Collected data
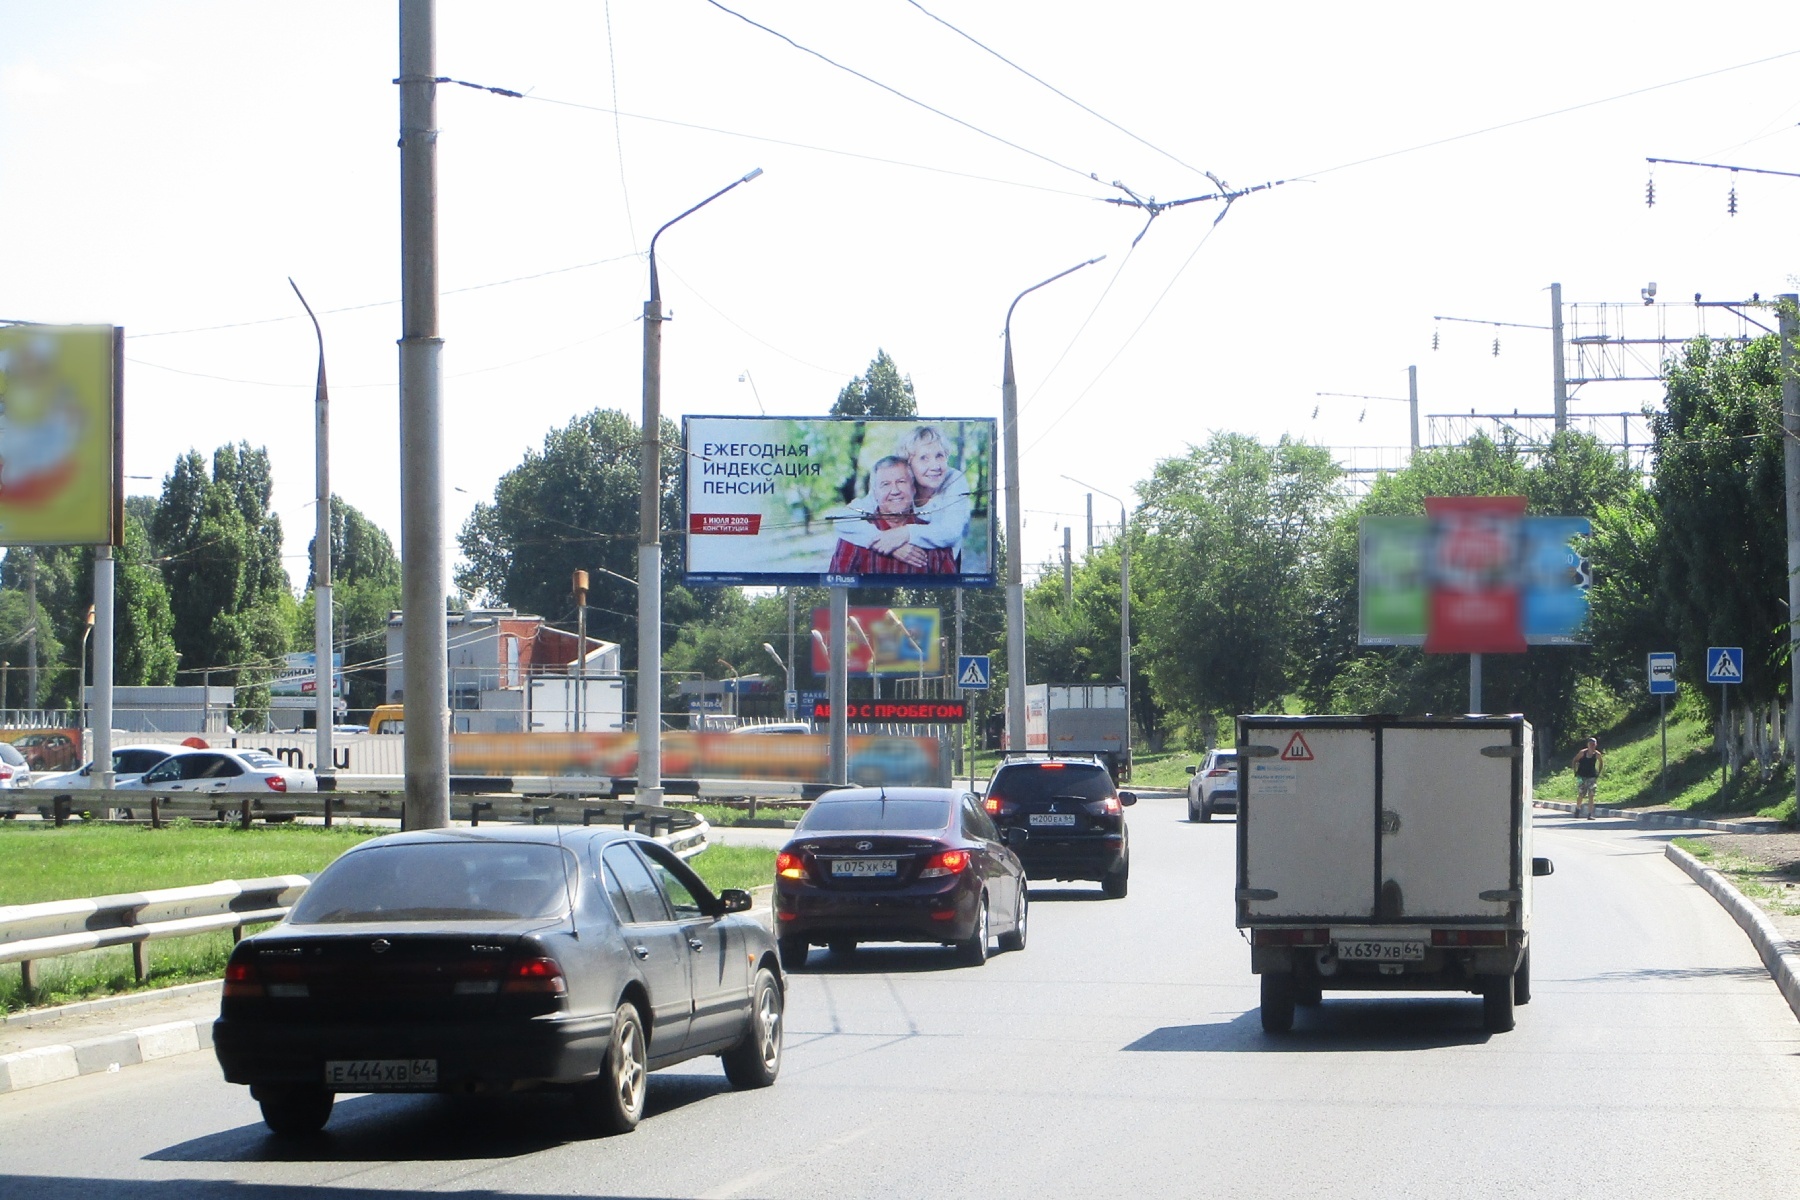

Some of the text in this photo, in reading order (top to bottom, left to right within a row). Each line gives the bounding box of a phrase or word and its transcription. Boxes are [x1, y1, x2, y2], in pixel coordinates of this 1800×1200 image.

[704, 443, 809, 459] ЕЖЕГОДНАЯ
[703, 462, 820, 478] ИНДЕКСАЦИЯ
[703, 478, 775, 495] ПЕНСИЙ
[708, 517, 730, 525] ИЮЛЯ
[730, 517, 749, 525] 2020
[835, 574, 856, 583] Russ
[814, 704, 964, 718] АВО С ПРОБЕГОМ
[1291, 746, 1304, 757] Ш
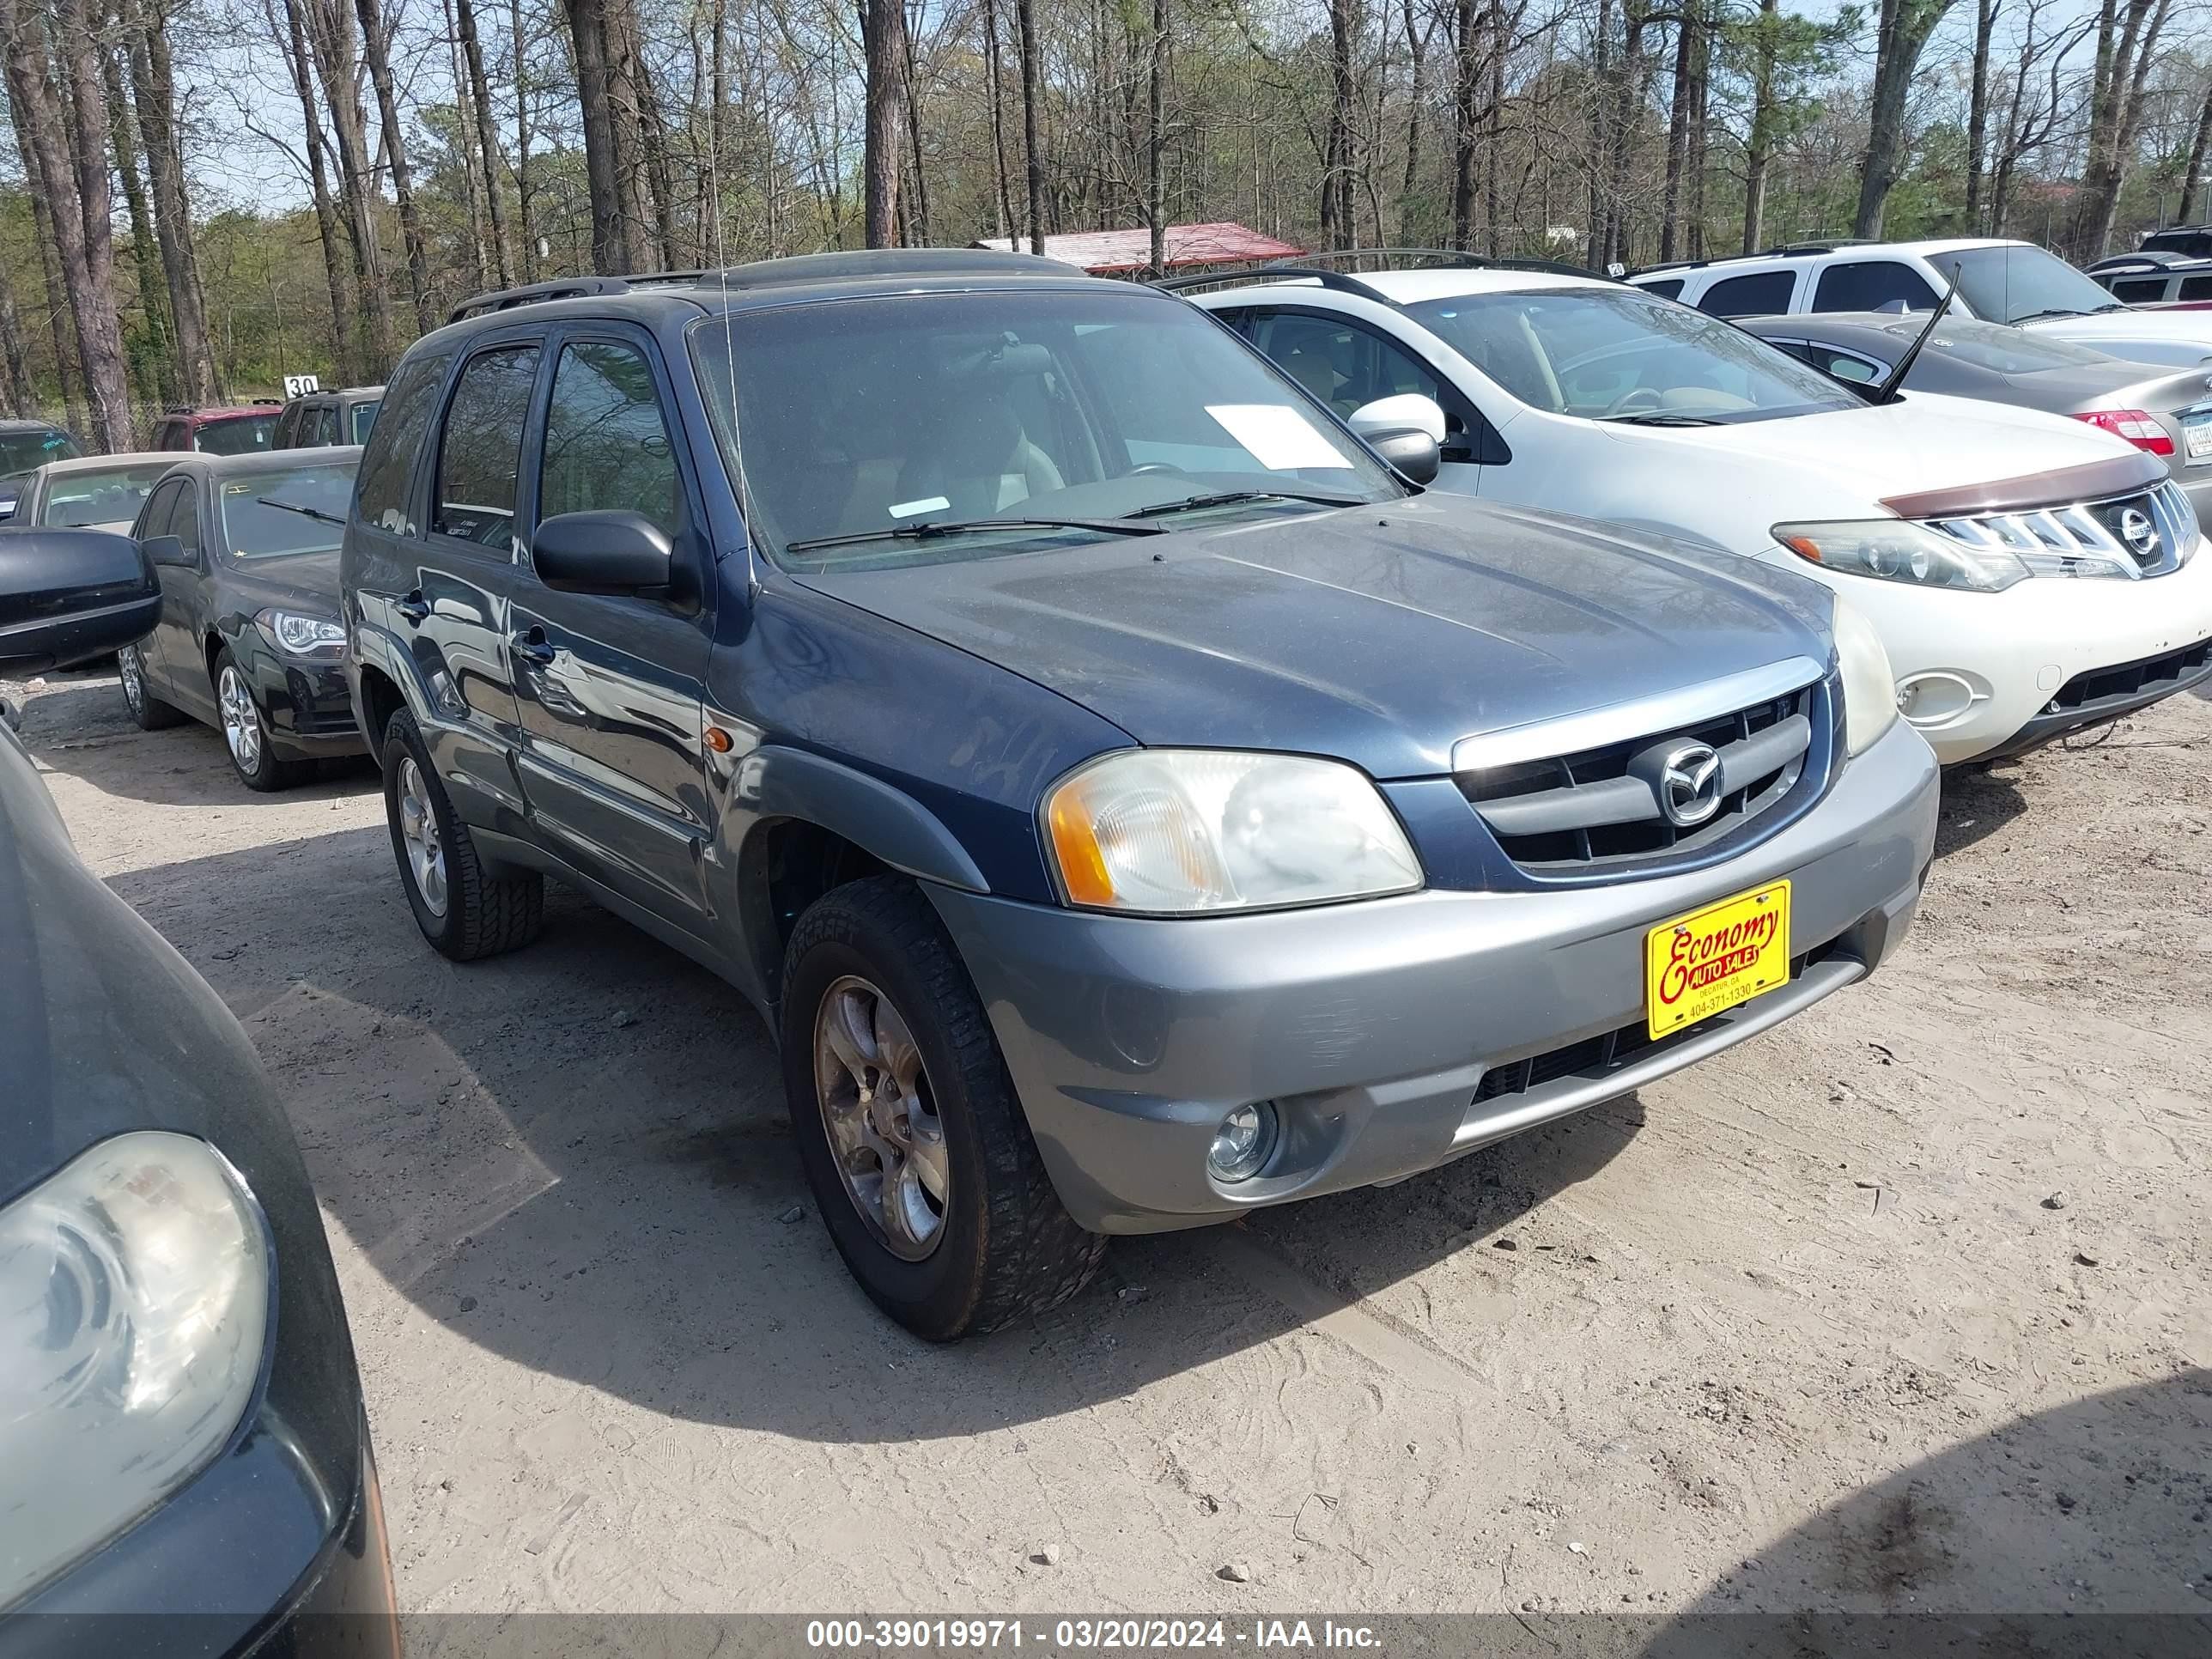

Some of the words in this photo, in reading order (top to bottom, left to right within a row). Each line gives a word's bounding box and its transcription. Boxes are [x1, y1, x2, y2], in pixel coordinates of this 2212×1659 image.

[289, 378, 314, 396] 30
[1660, 909, 1778, 1004] Economy
[1691, 960, 1722, 990] AUTO
[1723, 945, 1759, 975] SALES
[1730, 975, 1740, 986] GA
[1689, 982, 1752, 1018] 404-371-1330

▶ [Requirement]: Could you restate each record word for word, keeping the pictures out?

▶ [Response box]:
Some of the text in this photo, in reading order (top to bottom, left to right within a row). Each line gives the bounding box of a phrase or word and its transcription. Boxes are [x1, y1, x2, y2], in pixel coordinates of this 1800×1200 image.

[704, 443, 809, 459] ЕЖЕГОДНАЯ
[703, 462, 820, 478] ИНДЕКСАЦИЯ
[703, 478, 775, 495] ПЕНСИЙ
[708, 517, 730, 525] ИЮЛЯ
[730, 517, 749, 525] 2020
[835, 574, 856, 583] Russ
[814, 704, 964, 718] АВО С ПРОБЕГОМ
[1291, 746, 1304, 757] Ш

Some of the words in this photo, in reading order (top to bottom, left to right within a row). Each line gives a word's bounding box and its transcription. Boxes are [x1, y1, x2, y2], in pixel coordinates of this 2212×1659 image.

[289, 378, 314, 396] 30
[1660, 909, 1778, 1004] Economy
[1691, 960, 1722, 990] AUTO
[1723, 945, 1759, 975] SALES
[1730, 975, 1740, 986] GA
[1689, 982, 1752, 1018] 404-371-1330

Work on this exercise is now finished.